We talked to the Vice President International of instant photo messaging app Snapchat on challenging assumptions, keeping up with tech and creating a culture that retains talent

Q. Snap positions itself as a camera company, not a social media platform. Why?
A. We talk about Snapchat being the fastest way to communicate with your friends and family. Our audience is communicating in pictures and videos. The camera enables that.

When you open the Snapchat app, it launches the camera. Meaning 60 percent of our 186 million daily active users are creating content. It enhances the experience you’re in at that moment – unlike traditional social media platforms where you almost zone out.

Our founder Evan Spiegel talks about a world where computing is increasingly layered over the real world, and we’ve done a lot around augmented reality, where the camera enhances a picture.

But there’s a gap between perception and reality and I don’t think people understand what this all means. When they do, they’re excited by it. We’ve always focused on innovating, and now we’re at a point where you’re going to hear a lot more from us.

Q. People also make assumptions that Snapchat is for a younger audience – but you have a high proportion of parents using the platform…
A. I don’t think age matters: every group wants to communicate with the people that matter to them.

For people who grew up with smartphones, it’s natural for them to use pictures to tell stories. As we mature, the business is ageing-up because the older audience is getting more used to using pictures and video to communicate. Parents are becoming heavy Snapchat users because they’re talking with their kids on it.

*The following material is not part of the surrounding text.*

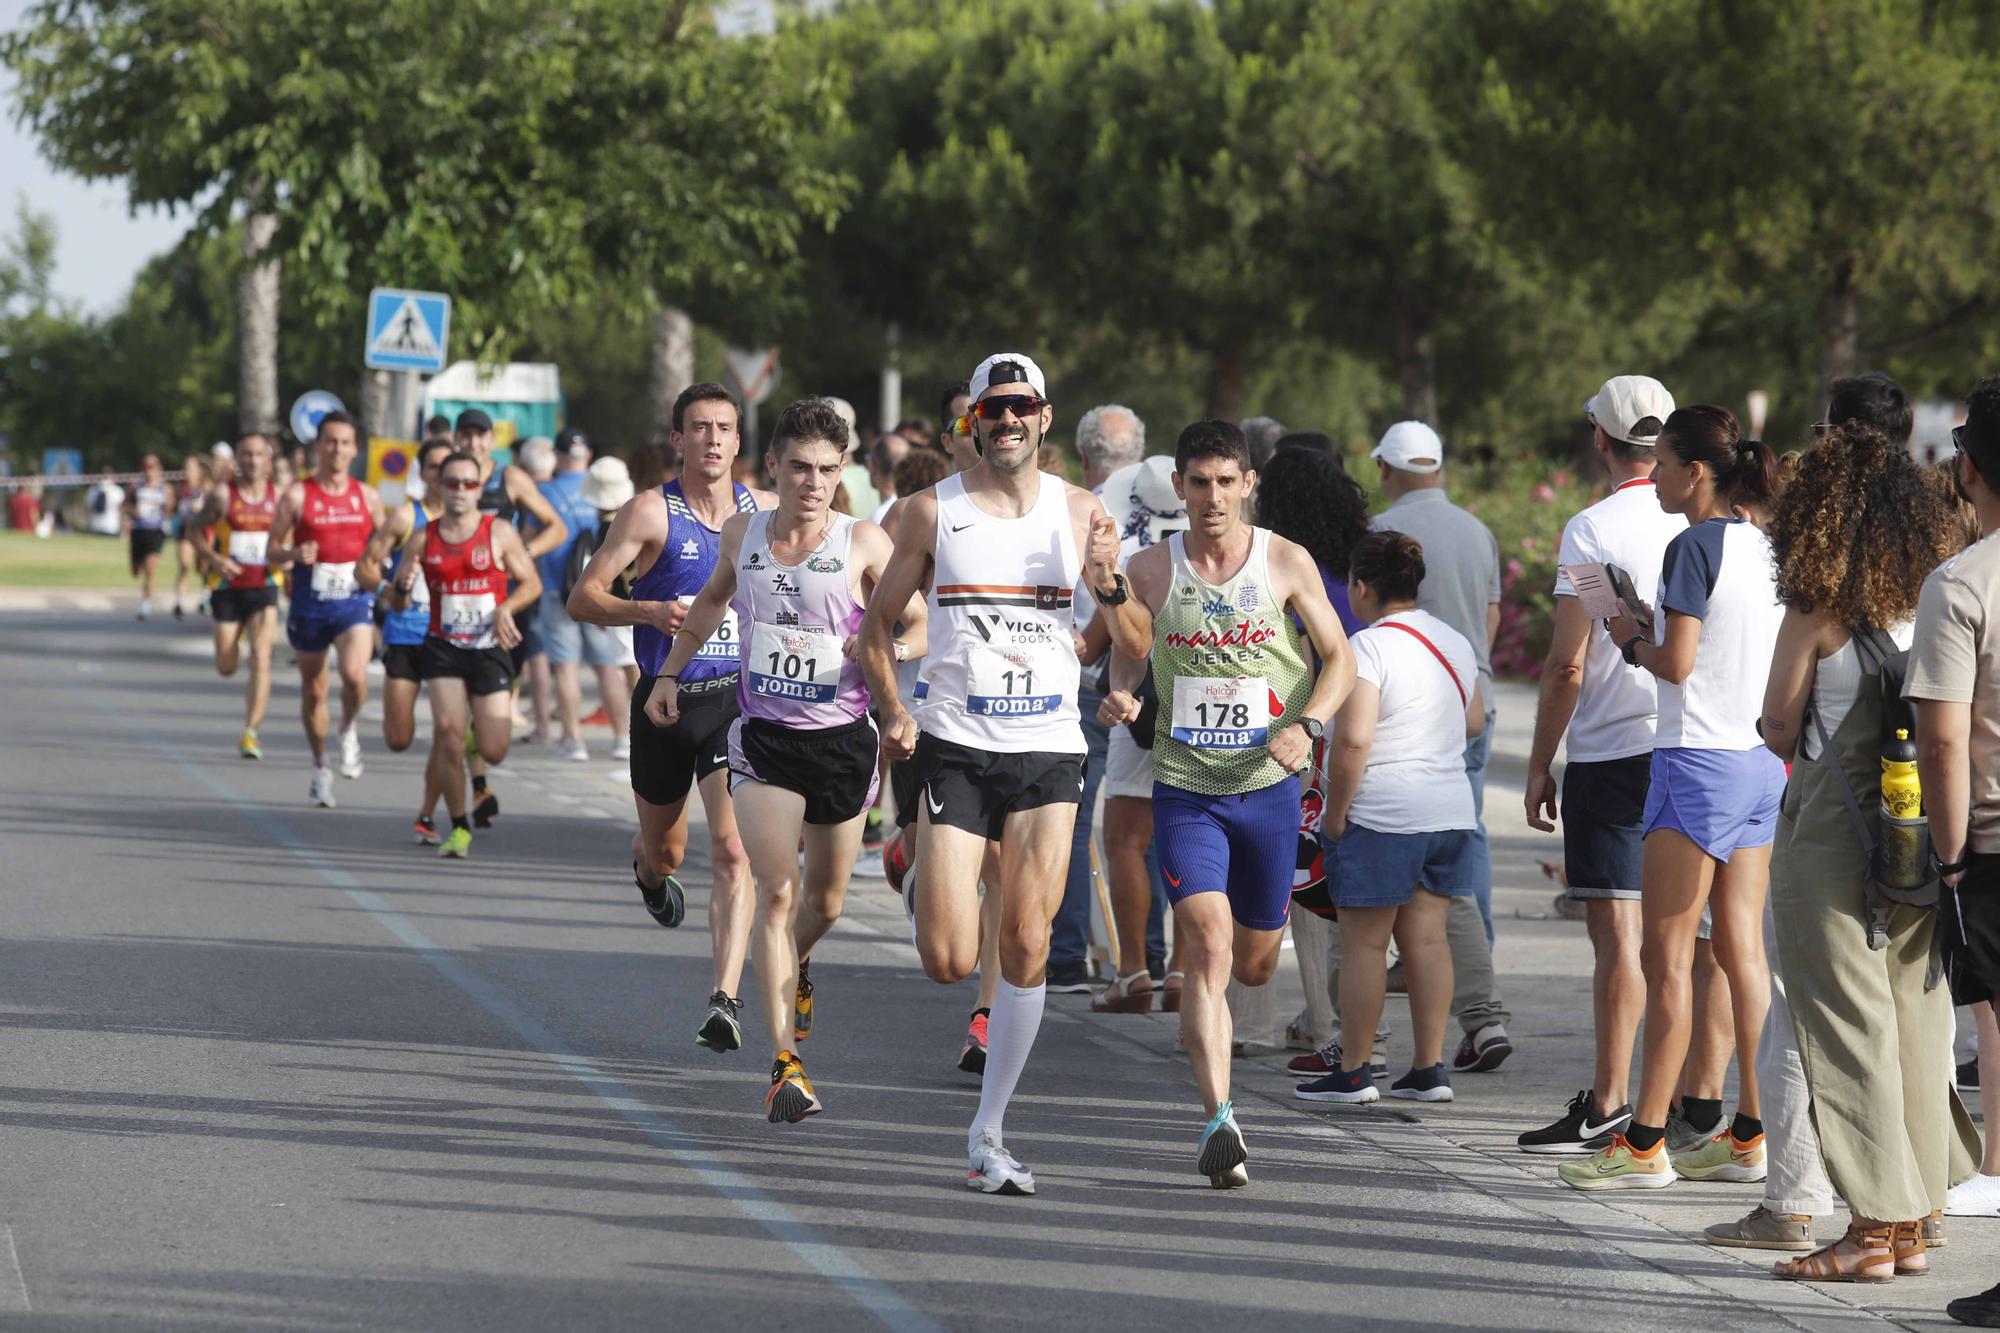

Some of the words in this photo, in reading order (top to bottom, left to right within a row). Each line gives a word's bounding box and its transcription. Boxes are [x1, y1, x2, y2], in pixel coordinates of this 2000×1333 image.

Q. You’re transitioning from start-up to sustainable business. What do you see as the main challenges of that?
A. I’m proud that after seven years we’re still entrepreneurial. When you lose that spirit is when you become slow. But, at the same time, we’ve matured, we’ve scaled and have clear ways of working.

That balance is important, particularly in a world when people ask, “who’s your competition?” and the truth is they probably don’t exist today.

We recently announced our Q3 numbers, and the international business that I look after grew revenue 2.5 times year on year. We now equate to 32 percent of our global revenue. We’re definitely on the right trajectory.

Q. Advertising is your biggest source of revenue and it’s such a fast-pace industry – with media and technology changing all the time, how do you stay ahead?
A. We always try to understand our users, and what they want – particularly through the content they create. We listen to our clients and partners and understand what value looks like to them. Then it’s about ensuring that you’ve got the right kind of mechanics for success. We’ve spent recent years working hard on developing ad formats to allow advertisers to talk to users effectively.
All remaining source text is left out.